Some of his larger works include Mystery Cats of the World (1989), The Lost Ark: New and Rediscovered Animals of the 20th Century (1993; expanded in 2002 as The New Zoo), and In Search of Prehistoric Survivors (1995), as well as two worldwide bestsellers – Dragons: A Natural History (1995; reissued in 2006), and The Unexplained (1996; reissued in 2002). Shuker also published Star Steeds and Other Dreams, a book of poetry which appeared in 2009.

According to Jonathan Downes, there are a number of little-known cryptids to which Shuker was the first cryptozoologist to bring widespread public attention. These include the Sri Lankan horned jackal and Devil Bird, Gambo the Gambian sea serpent, Goodenough Island mystery bird, New Guinea ropen and devil pig or gazeka, Scottish earth hound, Indonesian veo and horned cat, New Caledonian du, Irish dobhar-chú, Shatt al Arab venomous mystery fish, Zanzibar makalala, Ethiopian death bird, Zululand kondlo, Arctic North American waheela, Kellas cat, Mongolian Death Worm, Hungarian reedwolf, Fujian blue or Maltese tiger as shown on the cover of Mysteries of Planet Earth (1999), Welsh cenaprugwirion, bigfin squid, St Helena sirenian, Timor Sea ground shark, and crowing crested cobra.

Shuker pens two cryptozoological columns ("Alien Zoo" and "The Lost Ark") in Fortean Times, and contributes regularly to Strange Magazine, to Fate Magazine, and to Paranormal Magazine. In addition, he is the zoological consultant for Guinness World Records.

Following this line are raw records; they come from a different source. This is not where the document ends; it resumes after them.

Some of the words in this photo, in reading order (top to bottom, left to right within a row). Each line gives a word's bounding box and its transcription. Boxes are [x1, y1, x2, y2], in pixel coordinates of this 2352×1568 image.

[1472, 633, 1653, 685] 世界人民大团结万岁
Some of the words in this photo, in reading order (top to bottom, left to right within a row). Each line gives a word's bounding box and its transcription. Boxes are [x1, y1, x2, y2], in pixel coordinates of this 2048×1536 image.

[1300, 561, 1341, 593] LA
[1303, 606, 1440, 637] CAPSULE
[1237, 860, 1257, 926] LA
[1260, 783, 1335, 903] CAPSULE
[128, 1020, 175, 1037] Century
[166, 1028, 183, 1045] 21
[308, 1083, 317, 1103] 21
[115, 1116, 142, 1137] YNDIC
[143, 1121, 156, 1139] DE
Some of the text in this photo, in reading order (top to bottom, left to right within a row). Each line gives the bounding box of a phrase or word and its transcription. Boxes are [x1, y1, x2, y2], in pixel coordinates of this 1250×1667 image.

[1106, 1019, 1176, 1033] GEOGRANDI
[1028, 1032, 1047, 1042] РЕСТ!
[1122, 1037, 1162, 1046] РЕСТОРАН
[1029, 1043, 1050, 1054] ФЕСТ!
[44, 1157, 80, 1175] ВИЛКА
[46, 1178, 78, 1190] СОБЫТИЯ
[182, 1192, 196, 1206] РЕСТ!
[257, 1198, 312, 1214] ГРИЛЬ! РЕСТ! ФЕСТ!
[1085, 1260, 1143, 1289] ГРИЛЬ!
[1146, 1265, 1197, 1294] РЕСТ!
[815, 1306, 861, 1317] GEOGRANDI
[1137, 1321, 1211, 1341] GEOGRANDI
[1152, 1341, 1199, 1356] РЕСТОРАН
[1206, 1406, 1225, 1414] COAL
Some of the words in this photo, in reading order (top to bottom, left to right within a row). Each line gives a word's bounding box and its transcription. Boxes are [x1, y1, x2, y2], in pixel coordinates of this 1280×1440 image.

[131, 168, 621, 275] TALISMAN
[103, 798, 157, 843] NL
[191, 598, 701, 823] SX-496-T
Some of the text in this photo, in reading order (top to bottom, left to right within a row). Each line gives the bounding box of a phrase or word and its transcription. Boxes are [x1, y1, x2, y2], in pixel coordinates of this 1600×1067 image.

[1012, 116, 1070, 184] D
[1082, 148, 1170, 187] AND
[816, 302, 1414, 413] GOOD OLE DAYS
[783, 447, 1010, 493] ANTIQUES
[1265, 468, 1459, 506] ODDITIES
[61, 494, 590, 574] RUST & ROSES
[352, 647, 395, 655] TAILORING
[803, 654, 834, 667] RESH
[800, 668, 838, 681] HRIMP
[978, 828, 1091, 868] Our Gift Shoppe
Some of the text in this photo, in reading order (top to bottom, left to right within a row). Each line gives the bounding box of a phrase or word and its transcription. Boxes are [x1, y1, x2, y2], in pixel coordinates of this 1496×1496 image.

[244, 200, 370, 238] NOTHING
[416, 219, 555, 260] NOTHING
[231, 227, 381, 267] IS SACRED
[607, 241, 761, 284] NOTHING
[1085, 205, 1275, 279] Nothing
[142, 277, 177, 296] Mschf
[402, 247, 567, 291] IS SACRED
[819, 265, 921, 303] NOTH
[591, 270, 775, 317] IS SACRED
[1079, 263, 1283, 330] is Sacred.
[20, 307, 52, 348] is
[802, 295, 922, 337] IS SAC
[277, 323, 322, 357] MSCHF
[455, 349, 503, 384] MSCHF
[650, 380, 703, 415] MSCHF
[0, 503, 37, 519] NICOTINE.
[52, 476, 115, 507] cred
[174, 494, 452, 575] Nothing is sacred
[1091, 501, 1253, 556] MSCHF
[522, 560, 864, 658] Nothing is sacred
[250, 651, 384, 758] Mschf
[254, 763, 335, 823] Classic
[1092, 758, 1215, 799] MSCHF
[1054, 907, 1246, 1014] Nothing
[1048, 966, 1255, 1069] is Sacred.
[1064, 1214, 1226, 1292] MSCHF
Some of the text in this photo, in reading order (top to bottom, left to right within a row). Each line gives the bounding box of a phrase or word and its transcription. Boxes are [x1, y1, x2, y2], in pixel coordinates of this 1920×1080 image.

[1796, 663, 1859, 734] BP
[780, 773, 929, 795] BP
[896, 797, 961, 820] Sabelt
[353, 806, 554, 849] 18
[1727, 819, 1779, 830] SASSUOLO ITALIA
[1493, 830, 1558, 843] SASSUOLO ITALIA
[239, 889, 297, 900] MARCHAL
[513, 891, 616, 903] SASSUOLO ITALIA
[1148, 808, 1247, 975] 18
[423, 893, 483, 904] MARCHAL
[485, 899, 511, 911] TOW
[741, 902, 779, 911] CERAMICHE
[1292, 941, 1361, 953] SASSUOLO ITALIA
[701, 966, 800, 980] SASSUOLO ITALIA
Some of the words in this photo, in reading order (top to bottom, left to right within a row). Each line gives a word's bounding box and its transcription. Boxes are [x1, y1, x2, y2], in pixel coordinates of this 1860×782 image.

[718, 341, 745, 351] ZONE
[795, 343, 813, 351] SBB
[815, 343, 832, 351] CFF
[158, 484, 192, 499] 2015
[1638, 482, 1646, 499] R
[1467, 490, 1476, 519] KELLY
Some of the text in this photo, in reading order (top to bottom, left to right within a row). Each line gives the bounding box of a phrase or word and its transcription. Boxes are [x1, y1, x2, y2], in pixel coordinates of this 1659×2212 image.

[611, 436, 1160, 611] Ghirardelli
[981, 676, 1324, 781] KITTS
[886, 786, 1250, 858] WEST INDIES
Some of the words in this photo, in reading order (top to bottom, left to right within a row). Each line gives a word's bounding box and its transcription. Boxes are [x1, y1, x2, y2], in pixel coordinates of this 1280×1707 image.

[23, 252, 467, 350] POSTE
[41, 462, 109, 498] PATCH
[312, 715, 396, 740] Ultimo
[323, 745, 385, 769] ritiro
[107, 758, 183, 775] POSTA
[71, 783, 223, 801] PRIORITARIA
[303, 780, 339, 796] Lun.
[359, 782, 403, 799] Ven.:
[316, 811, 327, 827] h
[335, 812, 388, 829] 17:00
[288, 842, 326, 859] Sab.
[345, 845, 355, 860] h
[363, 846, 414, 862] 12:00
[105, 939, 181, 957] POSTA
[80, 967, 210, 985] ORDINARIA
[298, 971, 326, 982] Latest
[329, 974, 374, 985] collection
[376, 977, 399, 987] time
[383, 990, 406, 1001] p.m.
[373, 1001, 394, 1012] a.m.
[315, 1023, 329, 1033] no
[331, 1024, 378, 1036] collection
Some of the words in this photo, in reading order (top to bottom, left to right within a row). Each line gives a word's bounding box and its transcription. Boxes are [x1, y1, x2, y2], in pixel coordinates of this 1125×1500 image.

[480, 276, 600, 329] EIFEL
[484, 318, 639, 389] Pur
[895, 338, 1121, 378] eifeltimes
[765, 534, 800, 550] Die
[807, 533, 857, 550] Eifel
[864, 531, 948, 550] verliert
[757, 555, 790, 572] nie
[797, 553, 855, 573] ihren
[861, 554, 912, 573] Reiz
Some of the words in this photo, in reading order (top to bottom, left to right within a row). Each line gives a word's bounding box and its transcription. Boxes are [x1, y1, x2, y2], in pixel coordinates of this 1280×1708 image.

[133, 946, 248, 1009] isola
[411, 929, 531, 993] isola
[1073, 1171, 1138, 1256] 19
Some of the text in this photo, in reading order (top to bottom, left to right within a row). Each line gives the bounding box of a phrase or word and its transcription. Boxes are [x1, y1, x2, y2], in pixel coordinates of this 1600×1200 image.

In a 2012 interview, Shuker stated that three of the most important zoological discoveries of the twentieth century were the okapi, the coelacanth and the saola (or Vu Quang ox). Shuker's 2012 volume, The Encyclopaedia of New and Rediscovered Animals provides a detailed discussion of similar discoveries, including discoveries made as recently as 2011.

In November 2012, Shuker launched the Journal of Cryptozoology. As the journal's founding editor-in-chief, Shuker has the stated goal of "providing an outlet for cryptozoological research with a genuinely scientific approach," with the hope of elevating the field's reputation among the scientific community. Upon announcing plans to start the new journal, Shuker had expressed "hope that cryptozoological researchers will submit papers to the journal that are totally worthy of publication in mainstream zoological journals but which may not be accepted by them simply because their subject is cryptozoological." Remarking that many newly discovered or rediscovered species begin as cryptids, Shuker believes that the field of cryptozoology is at a disadvantage, noting "as soon as one of its subjects is confirmed to be real, it is no longer cryptozoological but zoological instead."

==Scientific approach==

Shuker engages in what he describes as the scientific investigation of "animals still awaiting formal zoological detection and description in the 21st century." However, Shuker is critical of investigators who set out to uncritically validate their preconceptions, stating that such activity is not serious cryptozoology.

Shuker's approach also sometimes leads to a more reserved position regarding cryptid claims. Having investigated the mystery of the chupacabra, Shuker noted in an interview with Benjamin Radford that the inconsistencies surrounding descriptions and accounts of the creature made it difficult to separate actual reports from folklore.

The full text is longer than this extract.